Directions: All lines from the one containing "Some of the words" through the final line of the material below must appear exactly as they are, with nothing else.
══ Extracted material
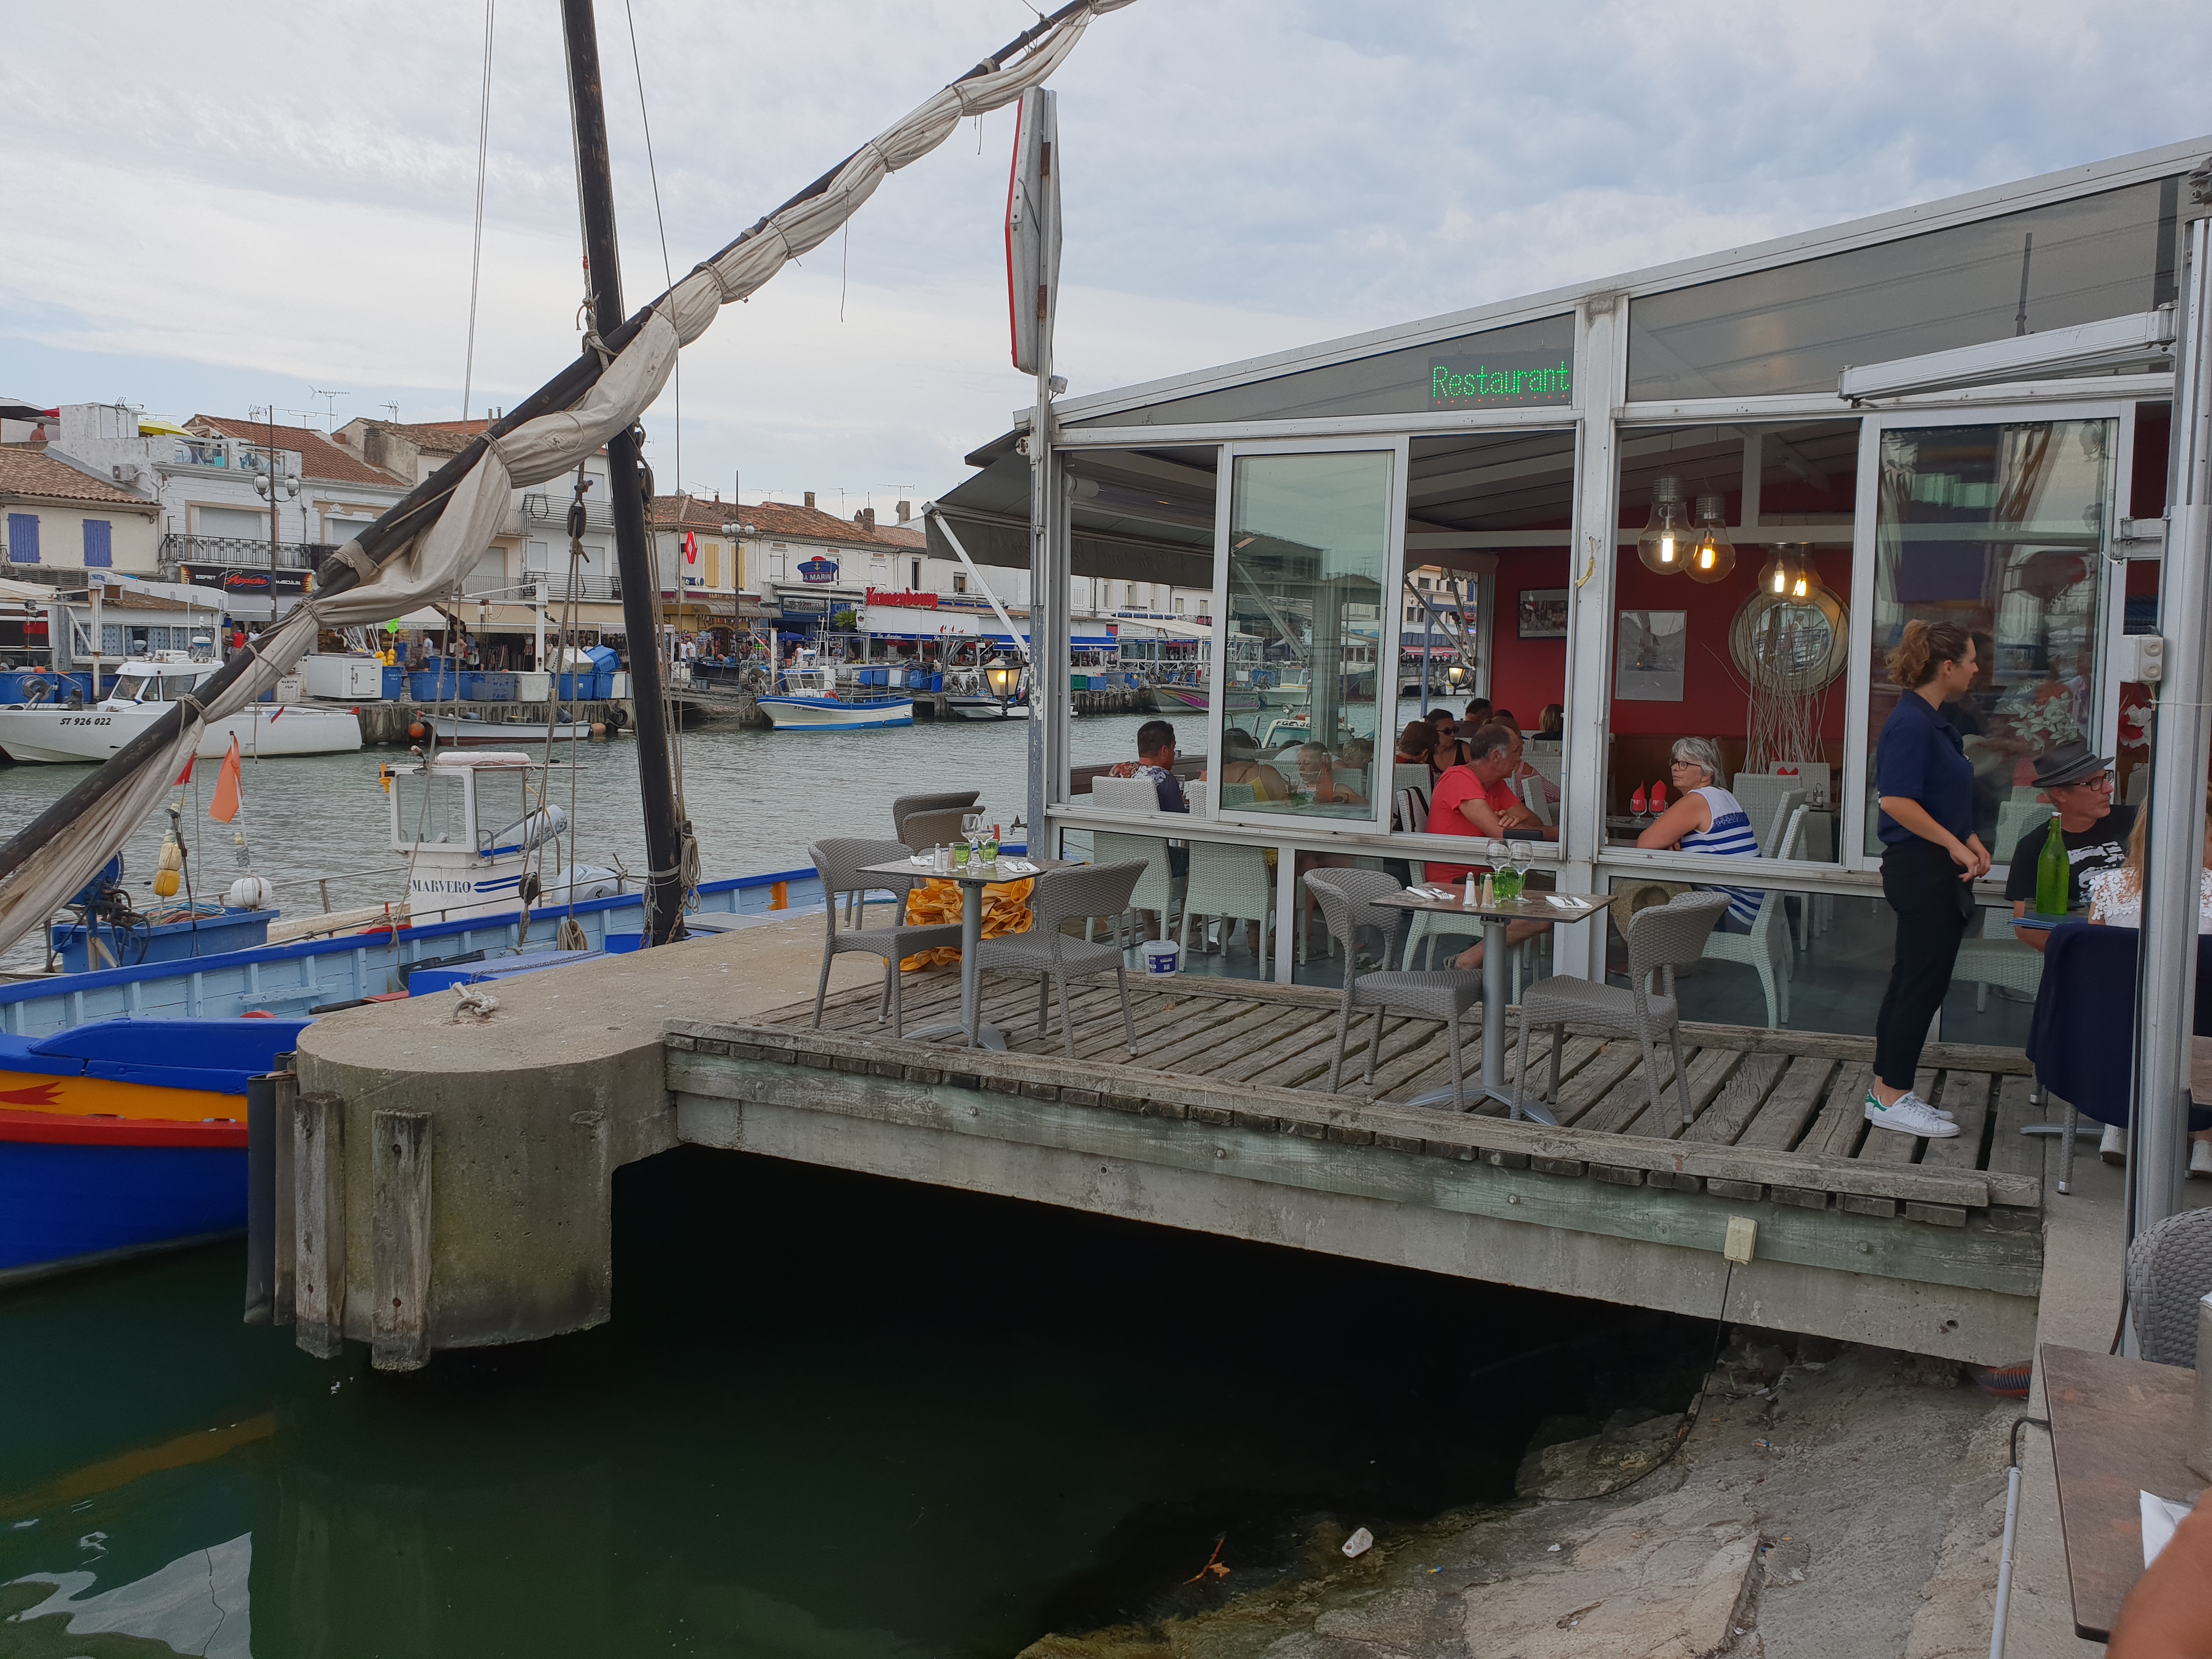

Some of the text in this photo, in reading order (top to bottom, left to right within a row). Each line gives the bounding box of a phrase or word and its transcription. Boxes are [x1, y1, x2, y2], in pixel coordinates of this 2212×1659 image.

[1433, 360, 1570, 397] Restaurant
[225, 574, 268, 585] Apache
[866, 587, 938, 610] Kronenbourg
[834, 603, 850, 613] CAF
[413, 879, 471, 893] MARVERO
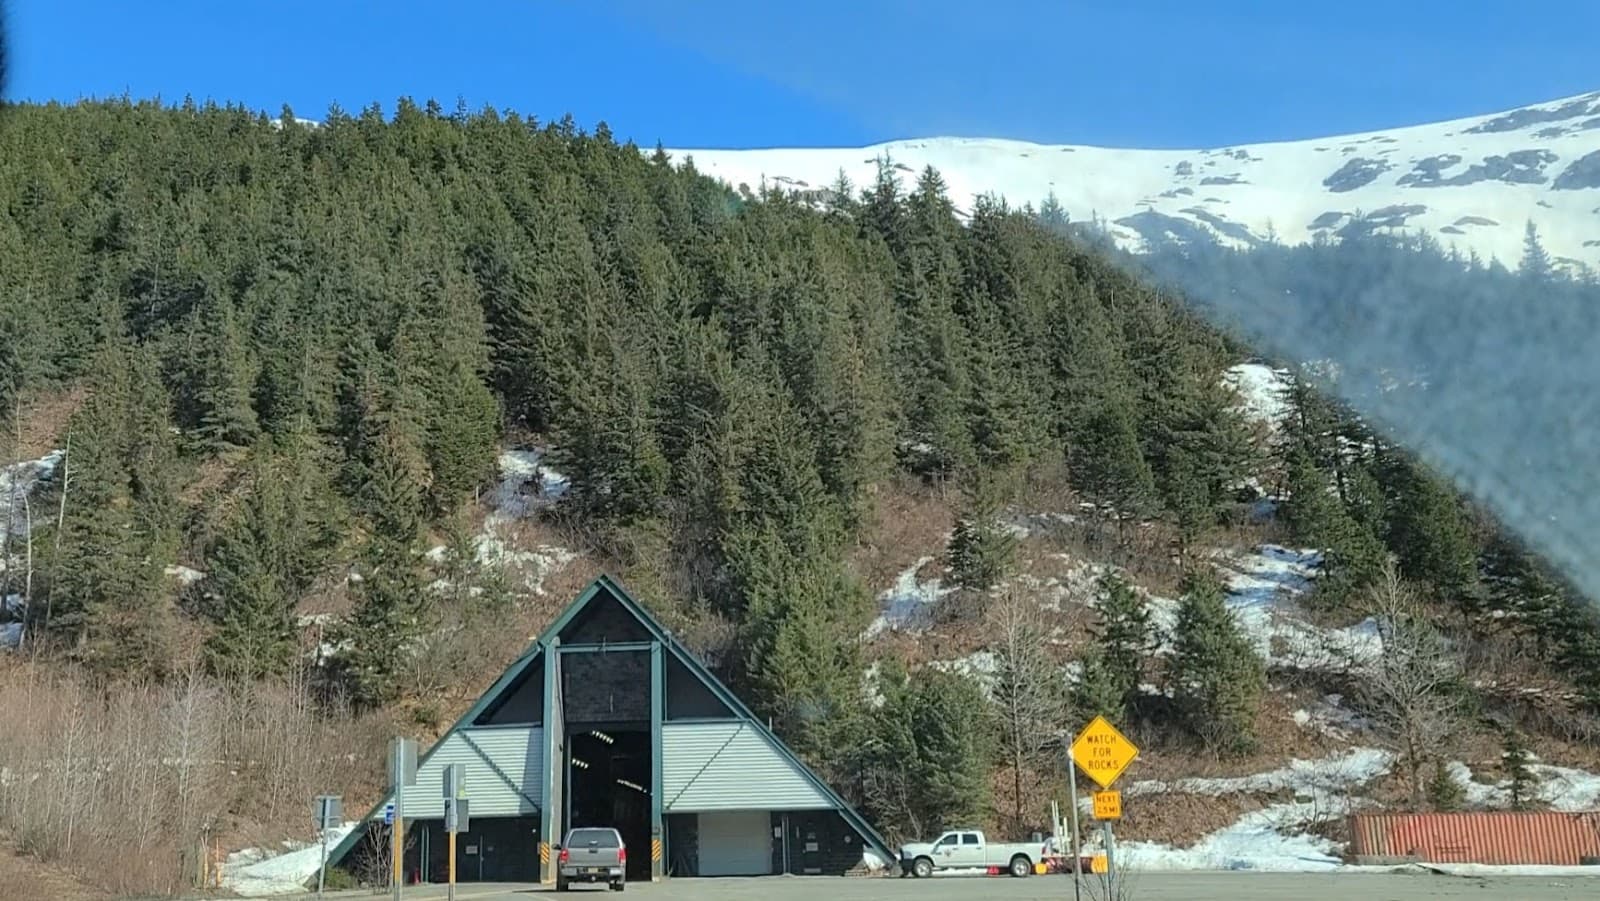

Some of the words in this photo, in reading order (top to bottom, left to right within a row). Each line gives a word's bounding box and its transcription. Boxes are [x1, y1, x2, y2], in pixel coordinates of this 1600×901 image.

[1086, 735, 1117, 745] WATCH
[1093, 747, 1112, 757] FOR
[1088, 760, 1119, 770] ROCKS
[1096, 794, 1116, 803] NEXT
════
Solution to the exercise:
Some of the words in this photo, in reading order (top to bottom, left to right within a row). Each line gives a word's bounding box and its transcription. Boxes are [x1, y1, x2, y2], in pixel coordinates of this 1600×901 image.

[1086, 735, 1117, 745] WATCH
[1093, 747, 1112, 757] FOR
[1088, 760, 1119, 770] ROCKS
[1096, 794, 1116, 803] NEXT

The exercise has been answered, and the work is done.